Wherever a picture sits, omit it. Output the rest of the listing exactly.

Top of LISTED ENTRIES

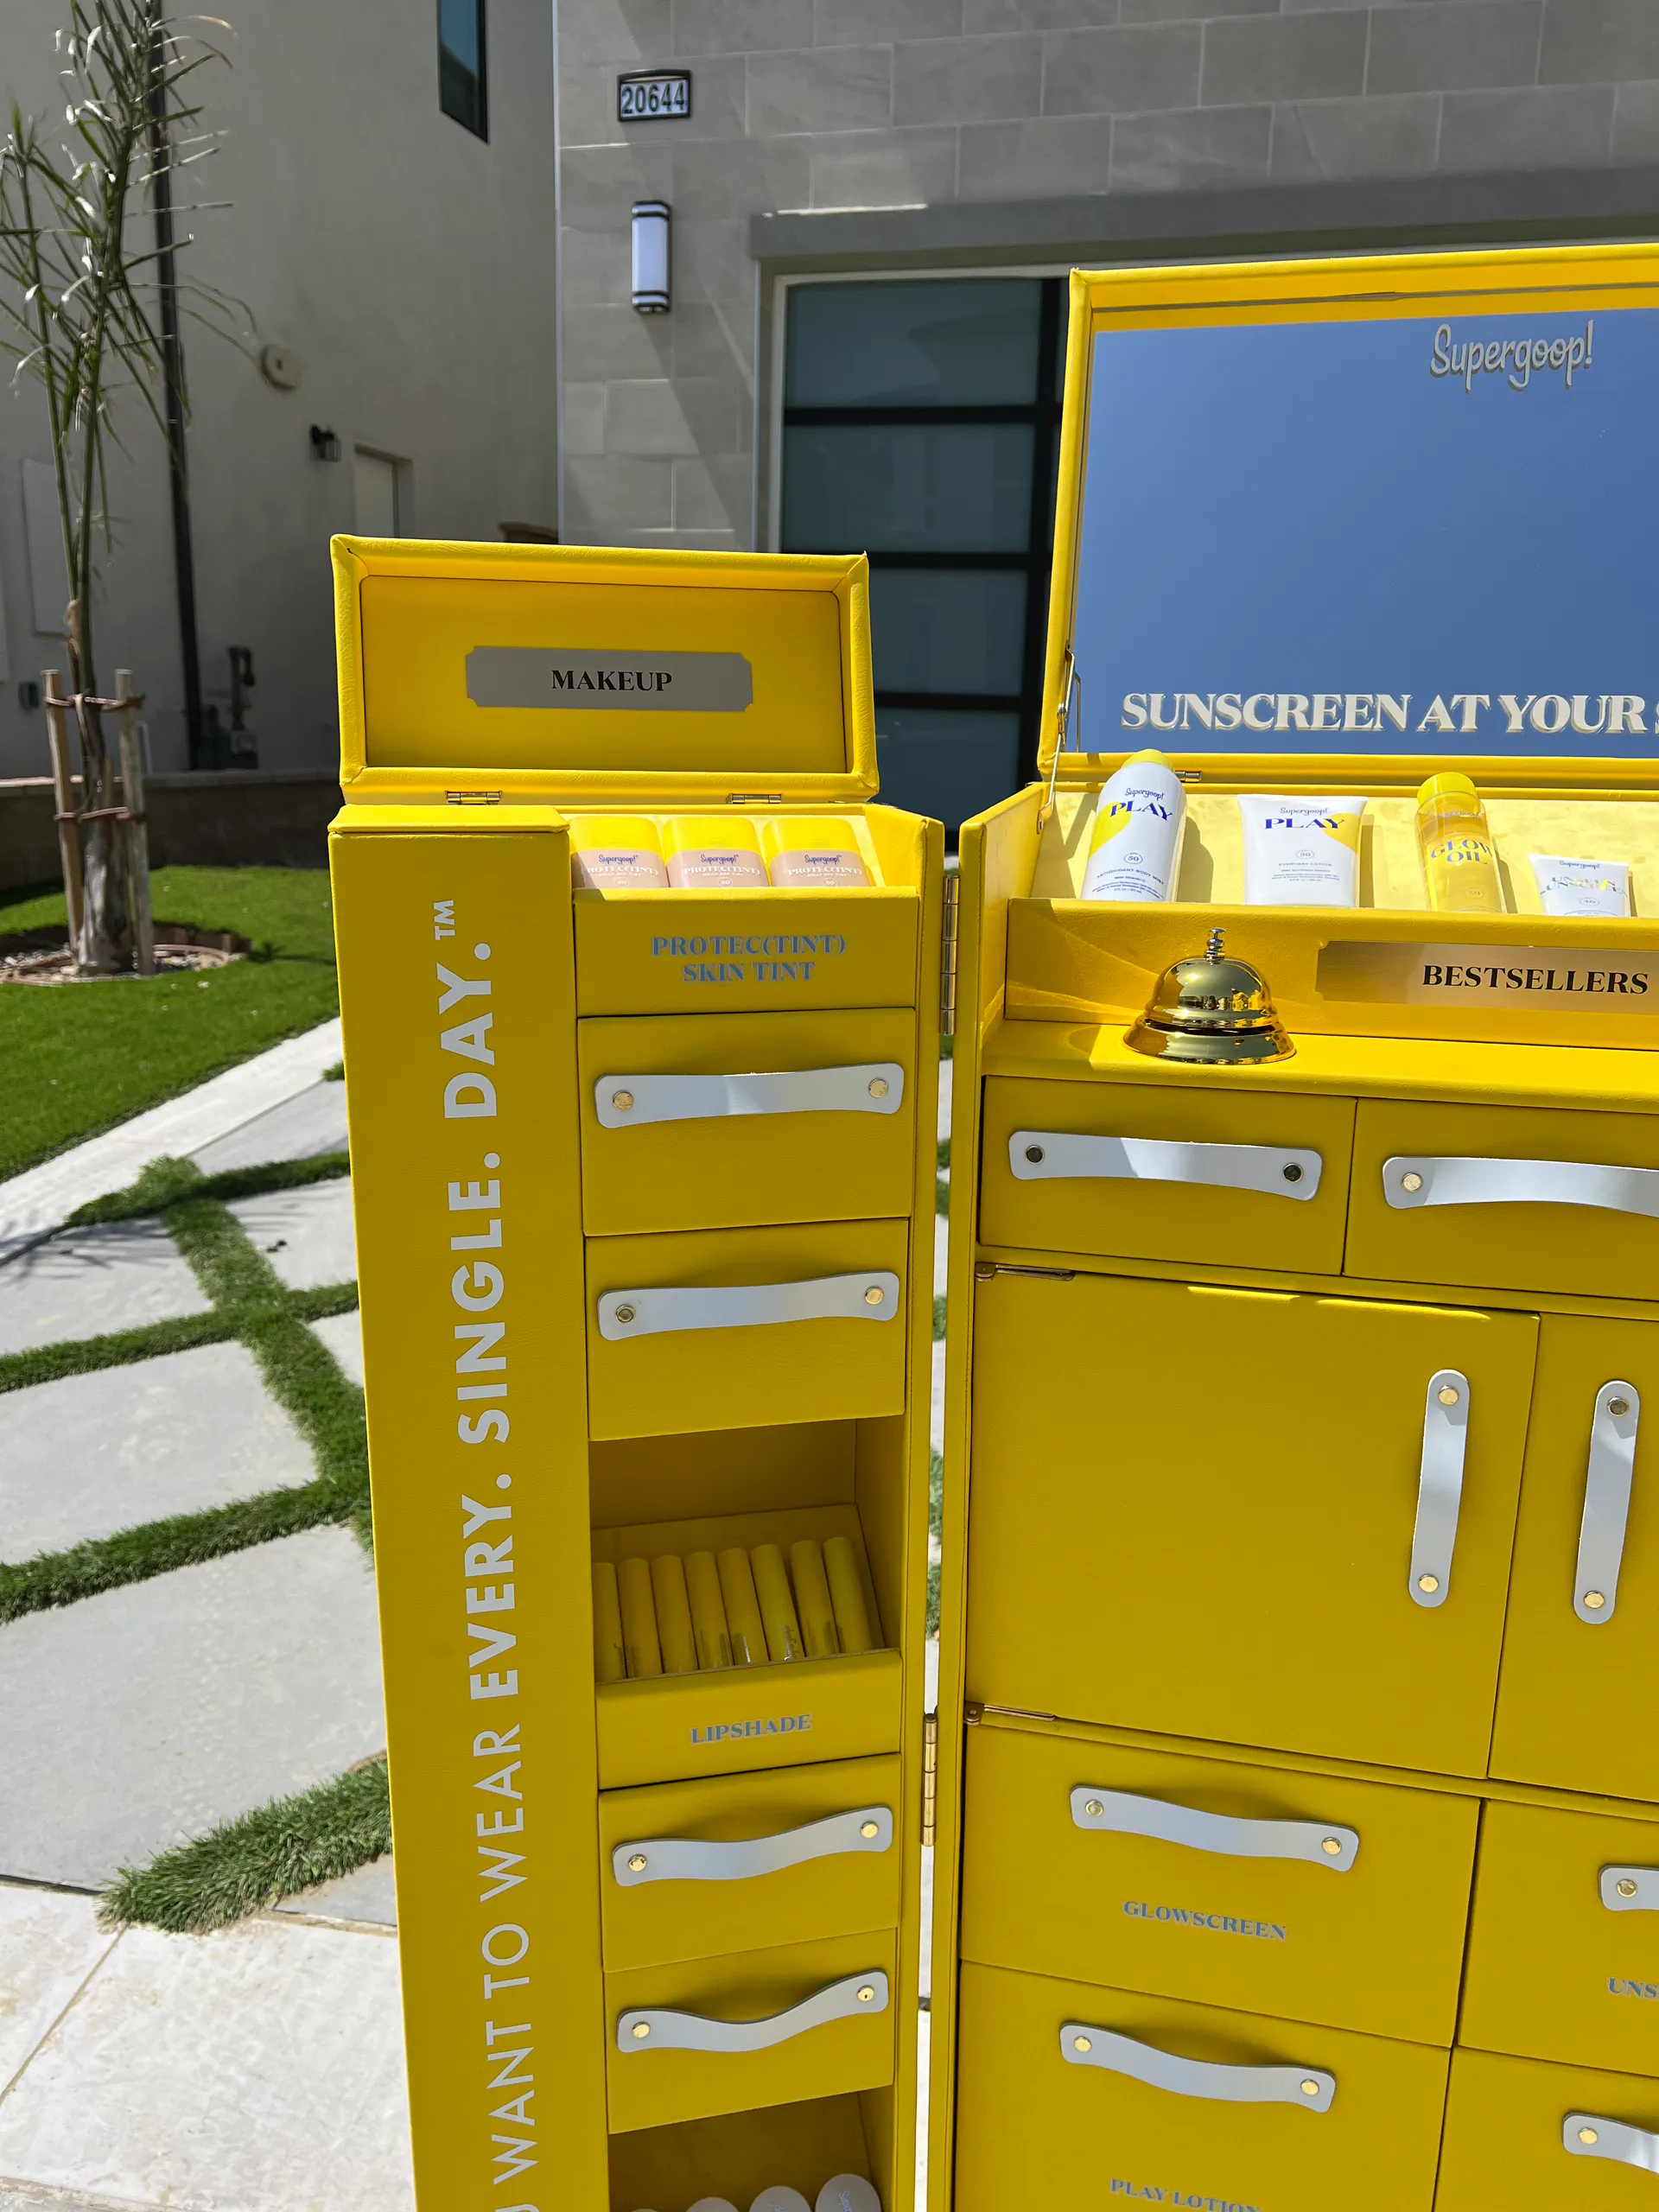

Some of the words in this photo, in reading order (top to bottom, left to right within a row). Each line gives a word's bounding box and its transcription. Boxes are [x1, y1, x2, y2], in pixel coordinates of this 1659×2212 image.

[621, 81, 688, 115] 20644
[1430, 320, 1593, 394] Supergoop!
[551, 670, 672, 692] MAKEUP
[1121, 693, 1414, 732] SUNSCREEN
[1415, 694, 1492, 733] AT
[1497, 695, 1649, 734] YOUR
[1125, 787, 1165, 801] Supergoop!
[1110, 800, 1173, 822] PLAY
[1265, 817, 1345, 830] PLAY
[1280, 807, 1328, 816] Supergoop!
[588, 866, 658, 875] ROTEC(TINT)
[651, 934, 847, 957] PROTEC(TINT)
[683, 963, 745, 983] SKIN
[751, 961, 816, 982] TINT
[1422, 963, 1649, 995] BESTSELLERS
[448, 1152, 510, 1444] SINGLE.
[461, 1474, 518, 1700] EVERY.
[690, 1713, 812, 1745] LIPSHADE
[473, 1723, 528, 1903] WEAR
[1122, 1900, 1287, 1942] GLOWSCREEN
[481, 1923, 530, 1999] TO
[486, 2020, 539, 2185] WANT
[1110, 2177, 1169, 2202] PLAY

Bottom of LISTED ENTRIES

> _EXERCISE OUTPUT_
Some of the words in this photo, in reading order (top to bottom, left to right within a row). Each line gives a word's bounding box and its transcription. Boxes are [x1, y1, x2, y2], in pixel coordinates of this 1659×2212 image.

[621, 81, 688, 115] 20644
[1430, 320, 1593, 394] Supergoop!
[551, 670, 672, 692] MAKEUP
[1121, 693, 1414, 732] SUNSCREEN
[1415, 694, 1492, 733] AT
[1497, 695, 1649, 734] YOUR
[1125, 787, 1165, 801] Supergoop!
[1110, 800, 1173, 822] PLAY
[1265, 817, 1345, 830] PLAY
[1280, 807, 1328, 816] Supergoop!
[588, 866, 658, 875] ROTEC(TINT)
[651, 934, 847, 957] PROTEC(TINT)
[683, 963, 745, 983] SKIN
[751, 961, 816, 982] TINT
[1422, 963, 1649, 995] BESTSELLERS
[448, 1152, 510, 1444] SINGLE.
[461, 1474, 518, 1700] EVERY.
[690, 1713, 812, 1745] LIPSHADE
[473, 1723, 528, 1903] WEAR
[1122, 1900, 1287, 1942] GLOWSCREEN
[481, 1923, 530, 1999] TO
[486, 2020, 539, 2185] WANT
[1110, 2177, 1169, 2202] PLAY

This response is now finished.